The Akron Beacon Journal, an Ohio newspaper, has published a glowing review of notorious abortionist David Burkons. What the Journal fails to mention, however, is Burkons’ history of injuring women, neglecting to properly record opioid drug prescriptions, and keeping his facilities in decrepit condition. Instead, the newspaper applauds Beckons for his ability to circumvent state laws and operate with an expired license.

“As one of Ohio’s most prolific abortion doctors, Burkons’ ability to innovate around legislative restrictions has allowed his operations to double capacity while clinics across Ohio are closing,” the Journal stated, early in the article. “His Cuyahoga Falls clinic is one of six remaining in the state that offers surgical abortions, in addition to medical abortions that use oral medication to end pregnancies.”

Burkons’ “innovation” is seemingly in reference to the fact that the facility, Northeast Ohio Women’s Center, has operated with an expired license. In 2013, it was closed due to health violations; another failed deficiency report in 2017 had 24 pages worth of violations. The same year — 2017 — Burkons’ license to practice medicine was suspended. He remained on probation until February of 2021.

The Journal further celebrates that Burkons’ abortion business is flourishing with telemedicine abortion, which has doubled since 2021. He spends a mere five minutes with patients in these virtual appointments — a dangerous lack of care. Meanwhile, the Journal praised his business as thriving, writing that he has seen “a combined 84% increase in abortions, from 1,899 to 3,498. The business is on pace to hit 3,850 abortions in 2022.”
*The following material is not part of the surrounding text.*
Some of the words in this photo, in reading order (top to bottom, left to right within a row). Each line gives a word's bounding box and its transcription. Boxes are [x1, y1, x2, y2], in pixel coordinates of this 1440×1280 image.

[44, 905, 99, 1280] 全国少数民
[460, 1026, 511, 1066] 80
READ: ‘Unsafe’: Report on abortion facility inspections reveals horrific injuries and deaths

Burkons was also given space in the article to explain why his license was suspended — for failing to properly report opioid drug prescriptions — and he blamed it on Ohio Right to Life. “I was writing a lot of prescriptions here — and they claimed that they were not properly documented, and they did this big investigation. If you read the paper, they found one prescription that was signed but there was nothing to it,” he said. “They claimed there were hundreds. There was one.”
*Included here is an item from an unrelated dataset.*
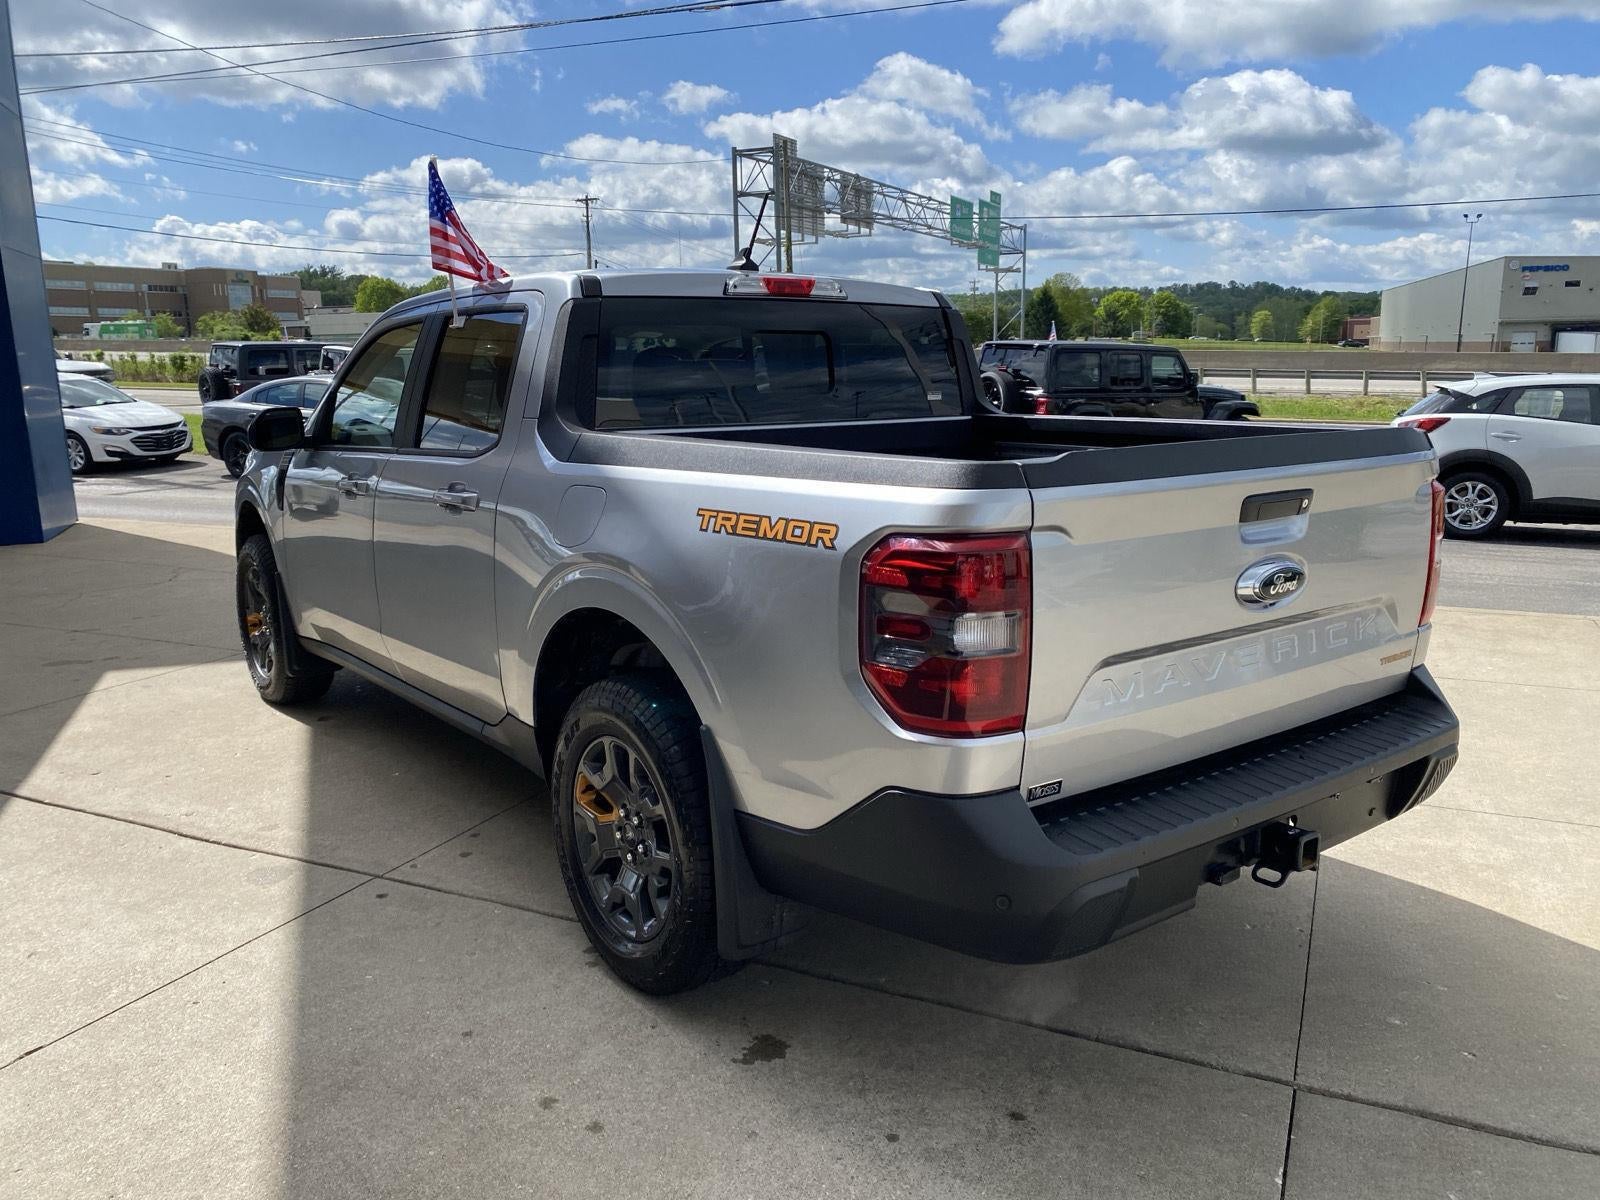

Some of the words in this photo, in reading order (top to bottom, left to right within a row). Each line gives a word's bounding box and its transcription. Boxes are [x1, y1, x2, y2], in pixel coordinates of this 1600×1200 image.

[697, 508, 839, 550] TREMOR
[1270, 572, 1299, 595] Ford
[1101, 613, 1379, 706] MAVERICK
Yet in the official complaint, Burkons admitted — both to the medical board investigator, and under oath — that he signed blank prescriptions for his staff to hand out later. The complaint also lists six specific patients, not hundreds, whose opioid prescriptions he did not report. The complaint further mentions “patients 1 through 14” as not having their controlled substances recorded in their patient records. The Journal did not include the information listed in the complaint.

Burkons also told the Journal that his job committing abortions is the most satisfying thing he does because he gets rid of a “problem” for women. The problem, of course, is a child.

“Nothing I’ve ever done is more satisfying than this. You just come into work, and every patient walks in with a problem and they walk out without that problem,” he said. “They still have the problems that brought (them here) — you know, a bad relationship, money. There’s nothing we can do about that. But this we can take care of.”

So when women feel that abortion is their only choice because they are in an abusive relationship or are living in poverty, Burkons is not interested in providing them with actual support and resources to help them overcome those issues, as pro-life pregnancy centers do. That wouldn’t make him any money. Instead, he profits financially by killing their children for hundreds or thousands of dollars and sends the women right back into the same situation they were in before.